WHAT YOU NEED TO DO.
Nothing other than the lines from the one containing "this 1600×1200 image." through the last line of the data below should be output, each reproduced exactly.

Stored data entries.
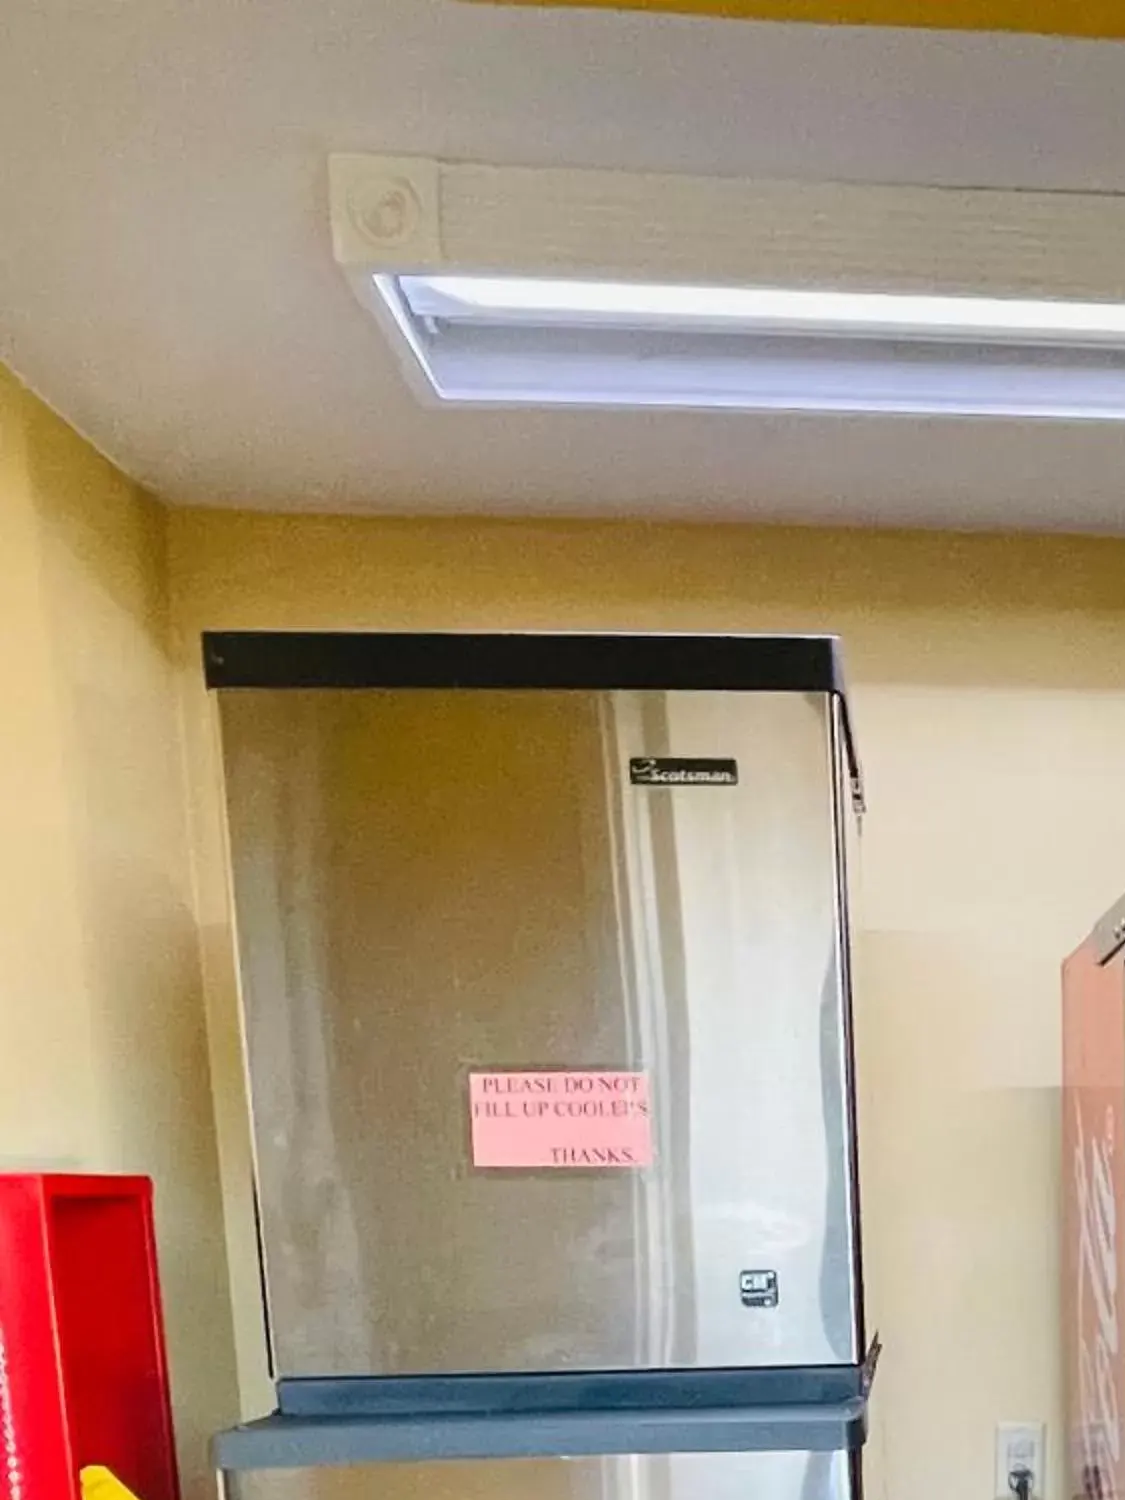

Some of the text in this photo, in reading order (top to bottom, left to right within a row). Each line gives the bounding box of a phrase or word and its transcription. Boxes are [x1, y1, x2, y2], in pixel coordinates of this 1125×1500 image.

[482, 1075, 641, 1094] PLEASE DO NOT
[474, 1101, 519, 1120] FILL
[522, 1101, 550, 1119] UP
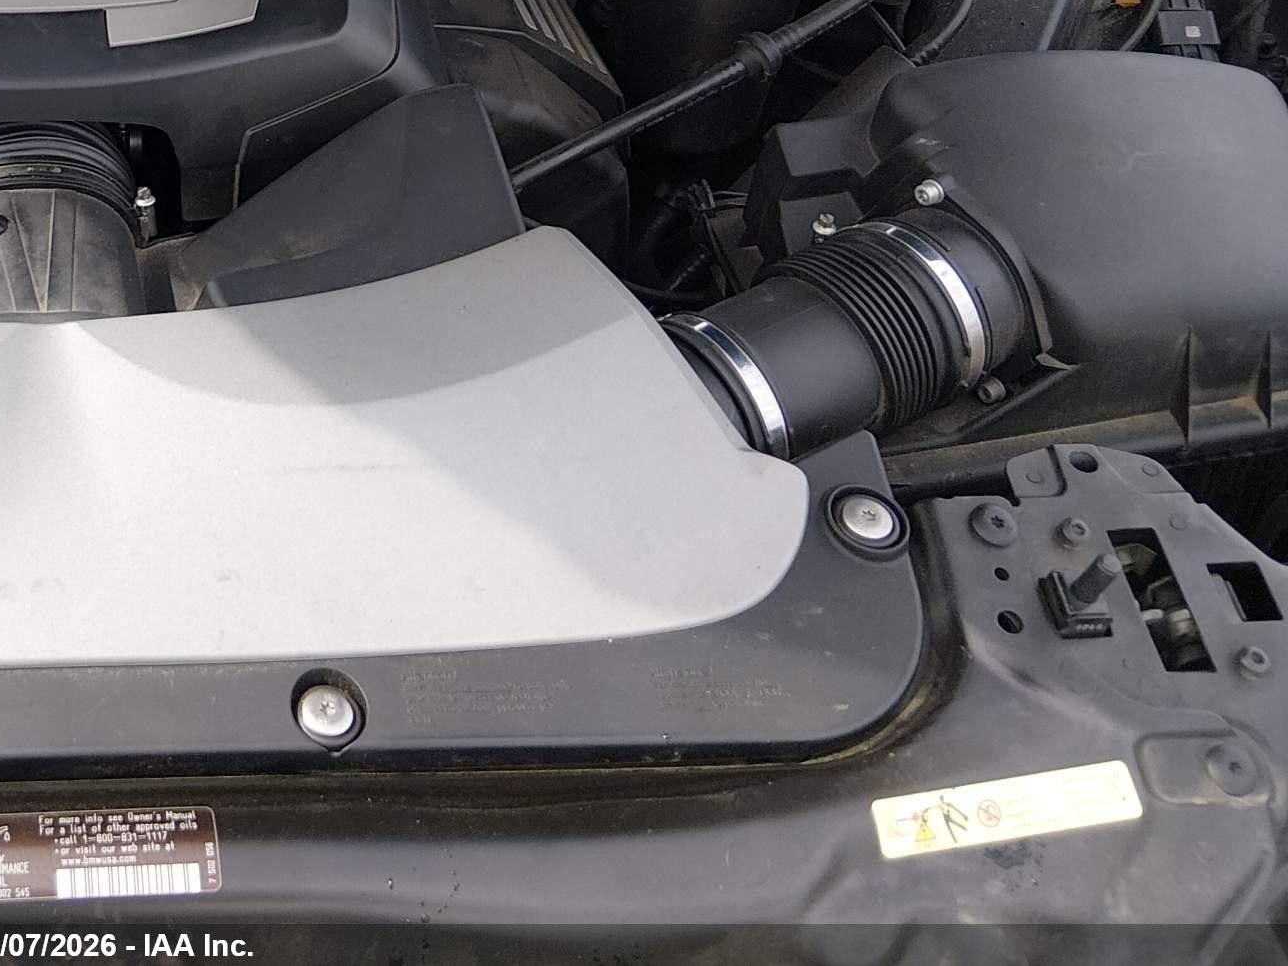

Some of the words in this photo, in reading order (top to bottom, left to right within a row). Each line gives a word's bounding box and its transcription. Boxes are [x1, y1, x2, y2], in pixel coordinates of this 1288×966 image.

[38, 814, 53, 825] For
[59, 816, 80, 824] more
[85, 813, 103, 823] info
[108, 814, 123, 822] see
[127, 811, 161, 822] Owner's
[165, 810, 196, 820] Manual
[39, 824, 54, 836] For
[59, 827, 66, 835] a
[70, 823, 87, 834] list
[91, 822, 101, 833] of
[106, 822, 130, 832] other
[135, 820, 175, 833] approved
[179, 819, 198, 831] oils
[83, 831, 167, 843] 1-800-831-1117
[75, 844, 96, 854] visit
[101, 846, 115, 854] our
[121, 843, 138, 853] web
[142, 841, 161, 852] site
[165, 840, 175, 851] at
[61, 855, 137, 866] www.bmwusa.com
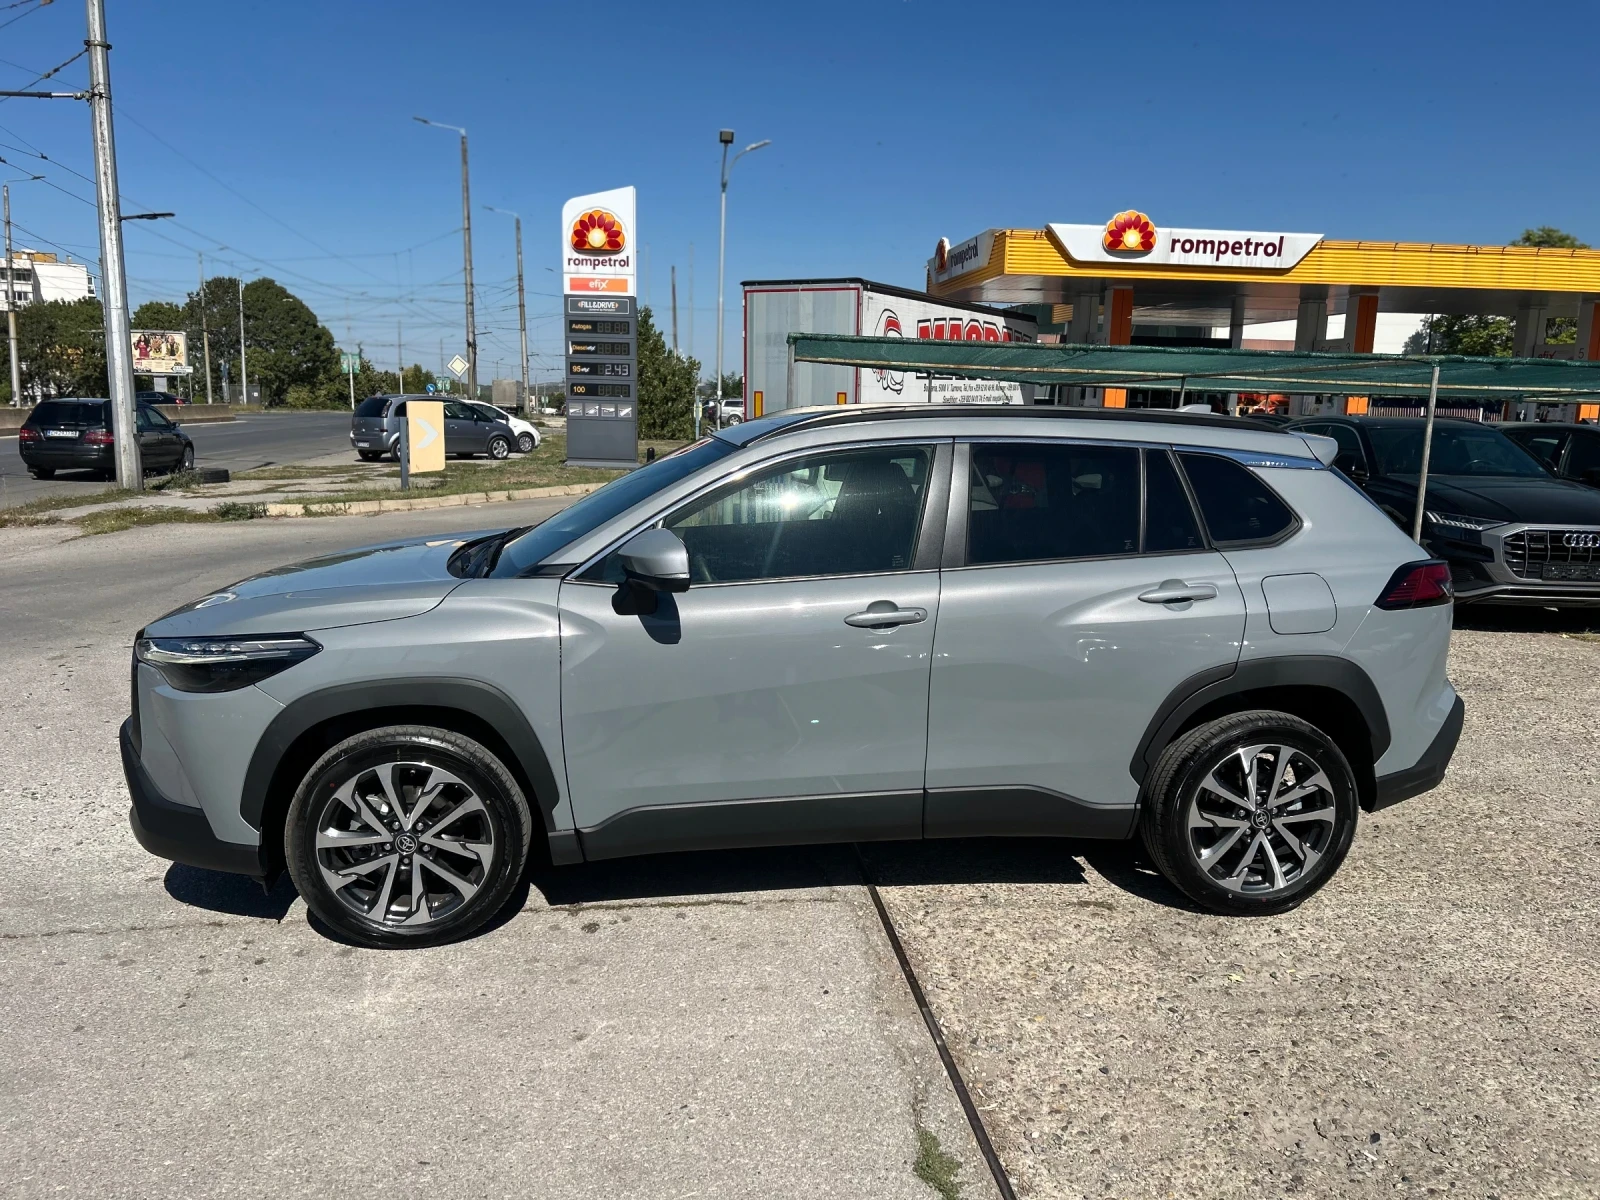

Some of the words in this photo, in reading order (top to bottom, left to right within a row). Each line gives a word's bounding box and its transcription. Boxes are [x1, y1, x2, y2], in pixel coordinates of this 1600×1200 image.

[951, 236, 978, 269] rompetrol
[1170, 236, 1284, 261] rompetrol
[567, 255, 629, 270] rompetrol
[588, 279, 609, 290] efix
[1578, 347, 1585, 360] 5
[572, 365, 581, 373] 95
[605, 364, 629, 376] 2.43

OUTPUT OF THE EXERCISE.
Some of the words in this photo, in reading order (top to bottom, left to right within a row). Each line gives a word's bounding box and its transcription. Boxes are [x1, y1, x2, y2], in pixel coordinates of this 1600×1200 image.

[951, 236, 978, 269] rompetrol
[1170, 236, 1284, 261] rompetrol
[567, 255, 629, 270] rompetrol
[588, 279, 609, 290] efix
[1578, 347, 1585, 360] 5
[572, 365, 581, 373] 95
[605, 364, 629, 376] 2.43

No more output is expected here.